Task objective » Only the pictures are to be omitted; everything else in the listing must be reproduced exactly.

Data shown »
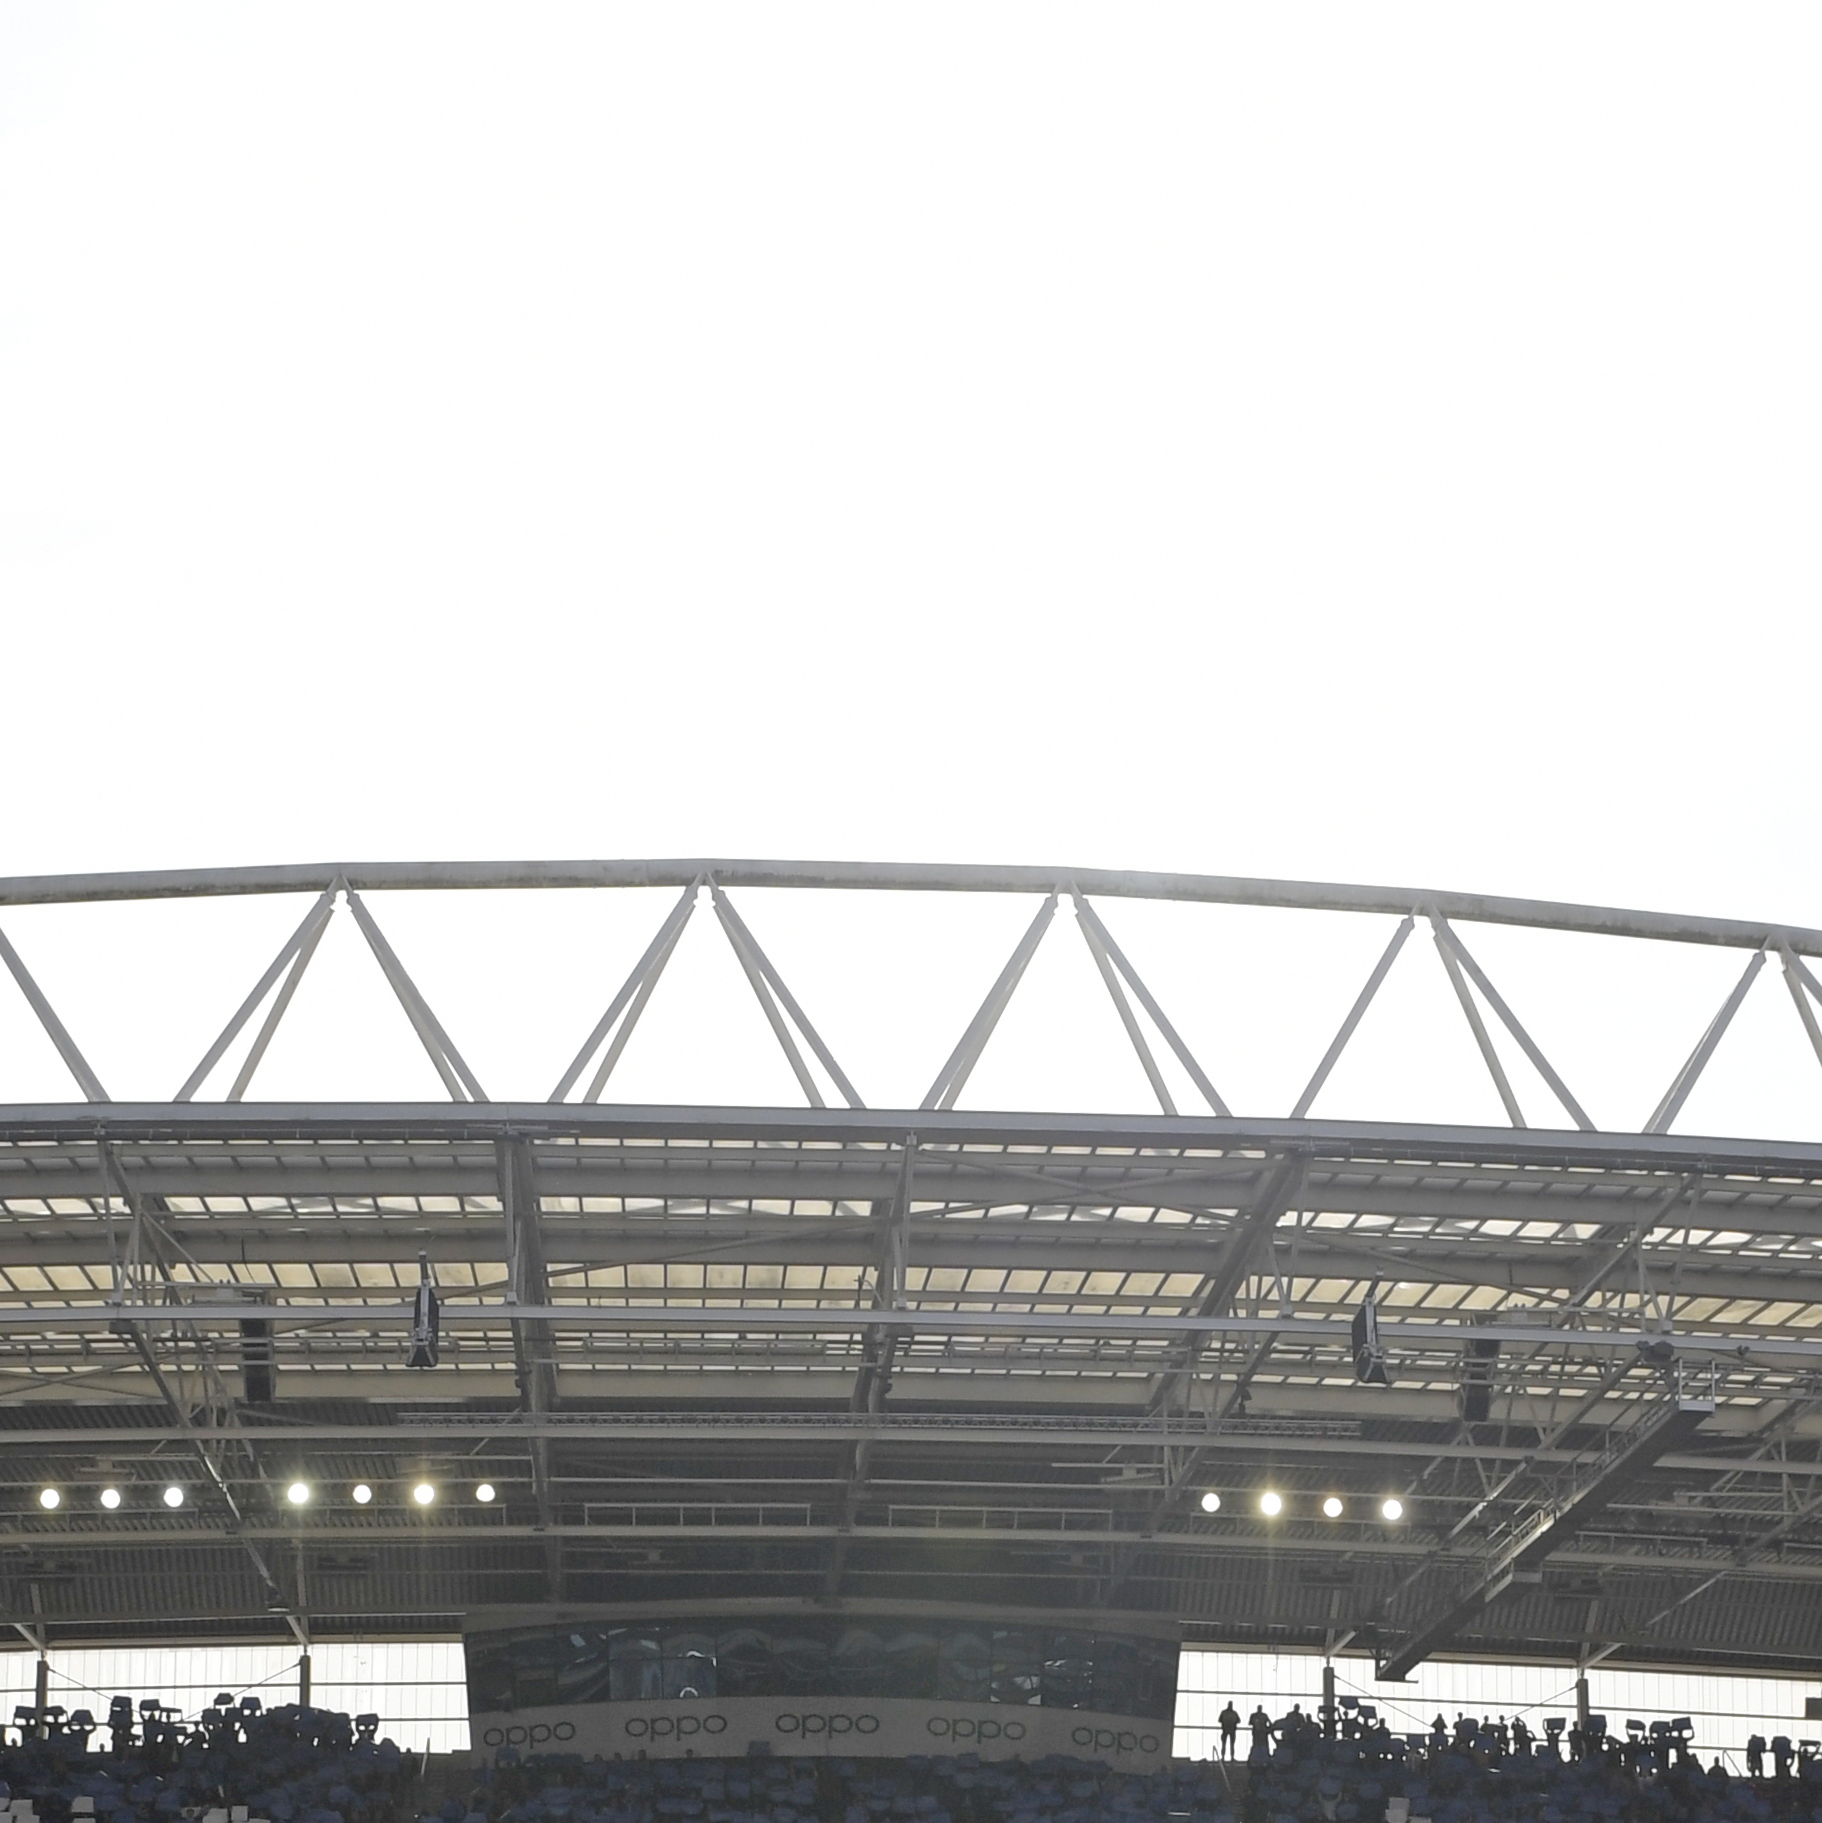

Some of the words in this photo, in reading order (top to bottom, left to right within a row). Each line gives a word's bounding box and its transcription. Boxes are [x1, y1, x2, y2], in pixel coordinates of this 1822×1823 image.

[483, 1721, 576, 1749] oppo
[626, 1715, 727, 1742] oppo
[775, 1713, 880, 1739] oppo
[926, 1716, 1026, 1744] oppo
[1071, 1726, 1159, 1753] oppo

Response box »
Some of the words in this photo, in reading order (top to bottom, left to right within a row). Each line gives a word's bounding box and its transcription. Boxes are [x1, y1, x2, y2], in pixel coordinates of this 1822×1823 image.

[483, 1721, 576, 1749] oppo
[626, 1715, 727, 1742] oppo
[775, 1713, 880, 1739] oppo
[926, 1716, 1026, 1744] oppo
[1071, 1726, 1159, 1753] oppo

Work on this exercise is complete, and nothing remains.